神々の宴

他力本願寺の母屋には、見目麗しい女神さまっが居る。
それも三人もだ。そして今回は、新たな女神さまっの
降臨もあって、場内は騒然としていた。


「わわわ、わたくしにもダイエットですって!」
藪から棒にそんな事を言われ、腹立たしいやら情けない
やらのペイオースは、ワナワナと震える手を上げて
今まさにウルドの頭上へと法術を展開しようとした
その時であった。
「あ、ベルダンディー ここにいたんだ」
その呑気な声の持ち主は、森里家の主である螢一だった。


女神三人が、やたら怪しいウルドの部屋にて密談中か?
そんな感じも否めなくはないが、それも日常茶飯事の事
螢一は、何事も気にする事もなく、臆面にも出さずに
「あれ?やっぱりペイオースだったのか!」
と、挨拶も忘れて、自分のカンに感心しながら言った。
「あら、ごきげんよう、森里さんっ」
展開しようとしていた法術を解き、淑女の面持ちで
ペイオースは螢一に挨拶をする。
「うん、久しぶりだよね?こんにちは!」
そう言って、笑顔で彼女を出迎える。


「螢一さんっ 実はペイオースも参加するんですよっ!」
ベルダンディーは楽しくてしょうがないって感じで
「ダイエットです!たくさん仲間が出来ましたっ!」
本当に、楽しくてしょうがないって感じだし。
「そ、そうなのか? へ、へぇ…そうなんだ…」
螢一は、とても不思議そうな顔をして
「じゃ、がんばってね」とペイオースに向かって言った。
それから螢一は、ベルダンディー
「そうそう、今晩の夕食は…その、なんだろうって…」
女神さまっがこぞってダイエットするのを尻目に、自分だけ
食事の話をするのって、どうなんだろうと思いながら
それでも自身の食欲を満たすのも、大事な事だと考えて
あえて、と言うか、もう少しTPOをわきまえなきゃ、と
思いつつも、言ってしまった。


後悔後に立たず、とは言ったもので、それを聞いたウルドは
「ちょっと螢一っ!あんただけ、ズルいわよっ?」
とても悔しそうな表情のウルドだった。
「へっ?何で?」と、螢一はとぼけた。
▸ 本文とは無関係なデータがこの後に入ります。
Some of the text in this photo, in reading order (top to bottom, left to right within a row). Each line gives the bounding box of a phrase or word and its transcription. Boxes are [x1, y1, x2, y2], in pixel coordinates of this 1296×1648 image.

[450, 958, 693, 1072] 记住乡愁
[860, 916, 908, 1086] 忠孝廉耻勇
それが良くなかった。
「アンタも参加しなさいっ!これは最優先事項よっ!」
「お、俺もか?」


「そうよっ!」「それが礼儀ってものだと!」「わぁー!」
三人の女神さまっ達は、それぞれに肯定して来る。
最後の「わぁー!」は、当然ベルダンディーの声だが
マジ本当に楽しそうに微笑んでいた。
「螢一さんっも参加してくださるんですねっ!では…」
「では?」
螢一は、恐る恐る尋ねた。
「はいっ!今夜から、スペシャル・ダイエット・メニューに
変更しちゃいますねっ!私、がんばりますねっ!」
と、腕まくりしながら、と言うか実際はしてないが
そんな勢いで、ベルダンディーは台所へ向かった。


「あああ…ど、どうしてくれるんだっ!」
螢一は、怒りの矛先を、当然ウルドへと向ける。
「何言ってるよ?こう言う事は、一蓮托生と言うじゃない?
あ、違うか…運命共同体宇宙船地球号?あれあれ?」
ウルドは、したり顔で言う。
全部微妙な意味だが、要するに、全員参加せよと
暗に言っているのだ。


ふとペイオースを見ると、呼ばれた理由も忘れて
ダイエットにやる気をみせているし、今ここに居ない
スクルドも、螢一自身の言った言葉が火付けとなって
彼女のやる気もモリモリと増していた。


今宵、神々の宴(女神さまっ4人と人間1人)は、過酷な
ダイエット・フードが卓に並べられ、それはそれは豪奢な
晩餐となるのだろうか。
螢一は、そんな事を考えて、何時ものように途方に暮れた。



次回、ダイエット大作戦。


by belldan Goddess Life.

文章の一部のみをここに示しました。